0

I have stored 4 ndarrays in a dictionary dictPrices and would like to generate another boolean ndarray for each of the 2 cases: (1) element-wise, if number in any of the 4 ndarrays exceed x (2) element-wise, if number in all of the 4 ndarrays exceed x

dictPrices[1] >= x works but when i tried (dictPrices[1] >= x | dictPrices[2] >= x), it fails. (dictPrices[1] >= x or dictPrices[2] >= x) failed too.

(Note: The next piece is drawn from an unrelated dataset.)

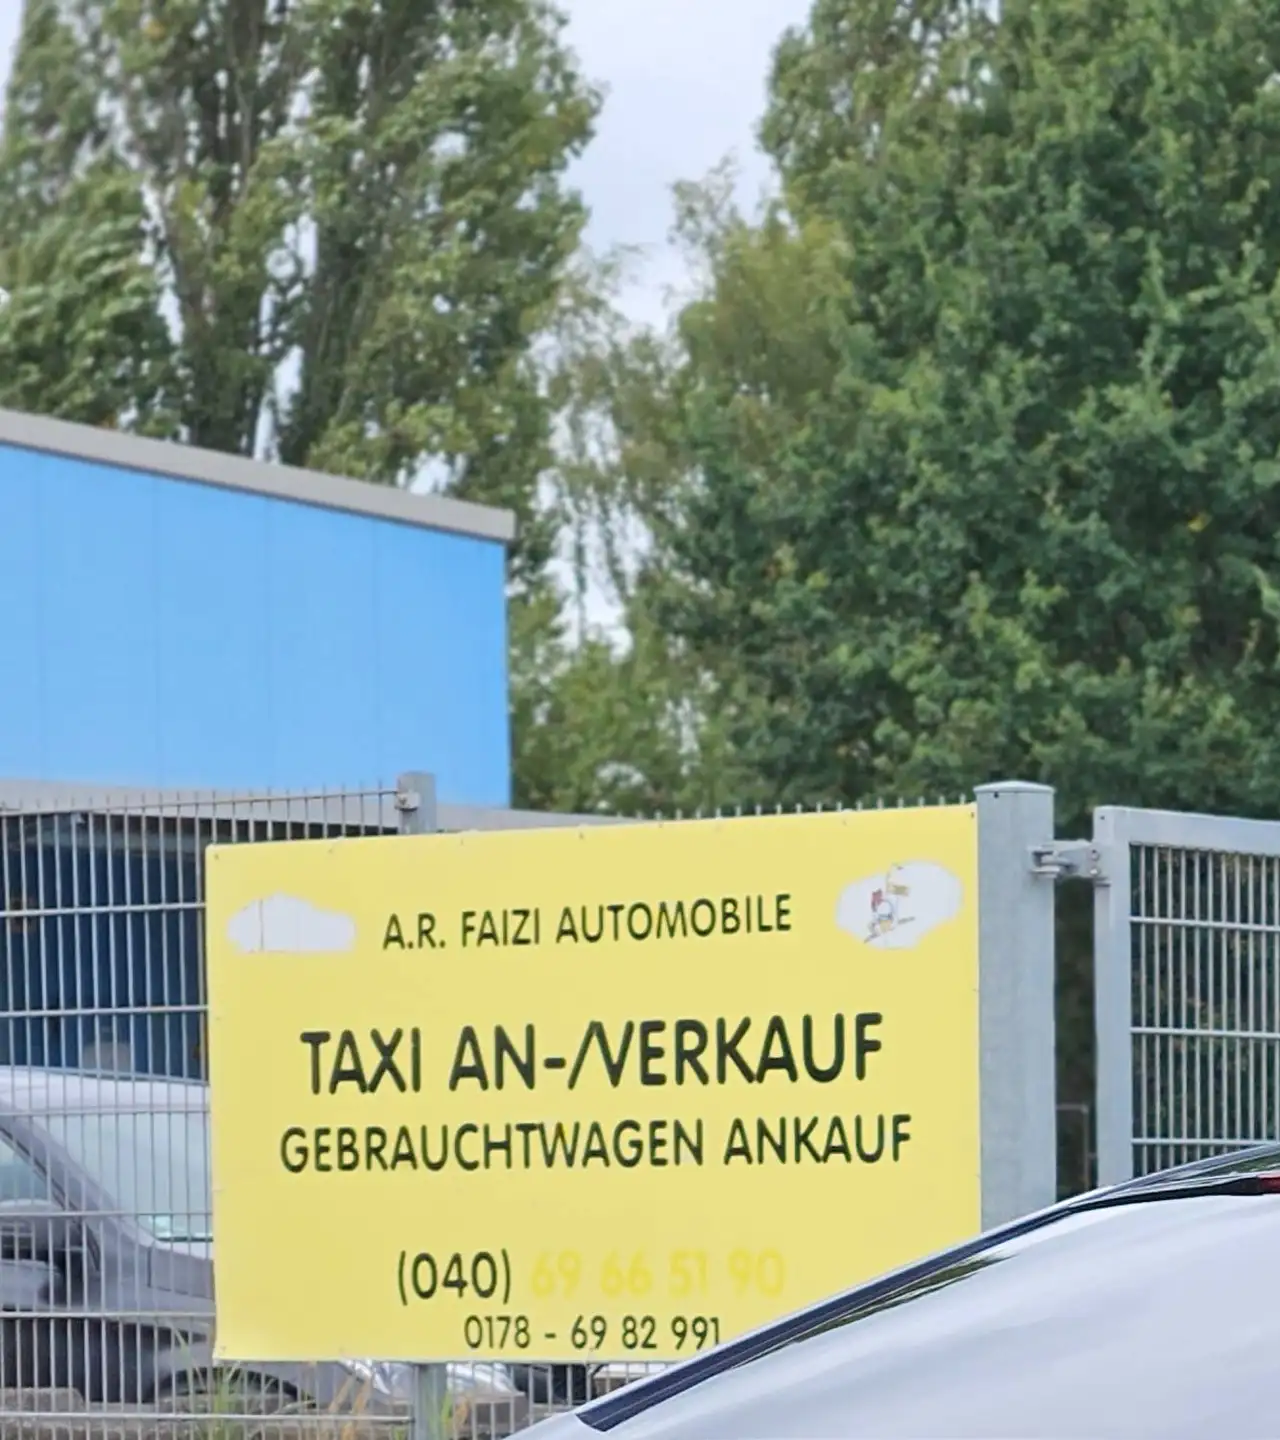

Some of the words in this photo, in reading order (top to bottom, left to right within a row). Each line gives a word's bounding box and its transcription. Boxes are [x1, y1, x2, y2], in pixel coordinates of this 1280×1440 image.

As the ndarrays can be huge (from monte carlo), I was hoping for vectorization rather than to loop through each ndarray element-wise.

Thank you!

AiRiFiEd
  • 311
  • 2
  • 12
  • Are you sure that all 4 arrays the same shape? In what way does the example you tried fail? – wim Dec 14 '16 at 02:55
  • hi wim, yup they are of shape (7, 250000) as i was simulating 4 different price sets. error thrown was `ValueError: The truth value of an array with more than one element is ambiguous. Use a.any() or a.all()`. `print((dictPrices[1]>=x or dictPrices[2]>=x).any())` does not work either – AiRiFiEd Dec 14 '16 at 03:06

1 Answers1

2

I think you want this:

np.logical_or.reduce([prices >= x for prices in dictPrices.values()])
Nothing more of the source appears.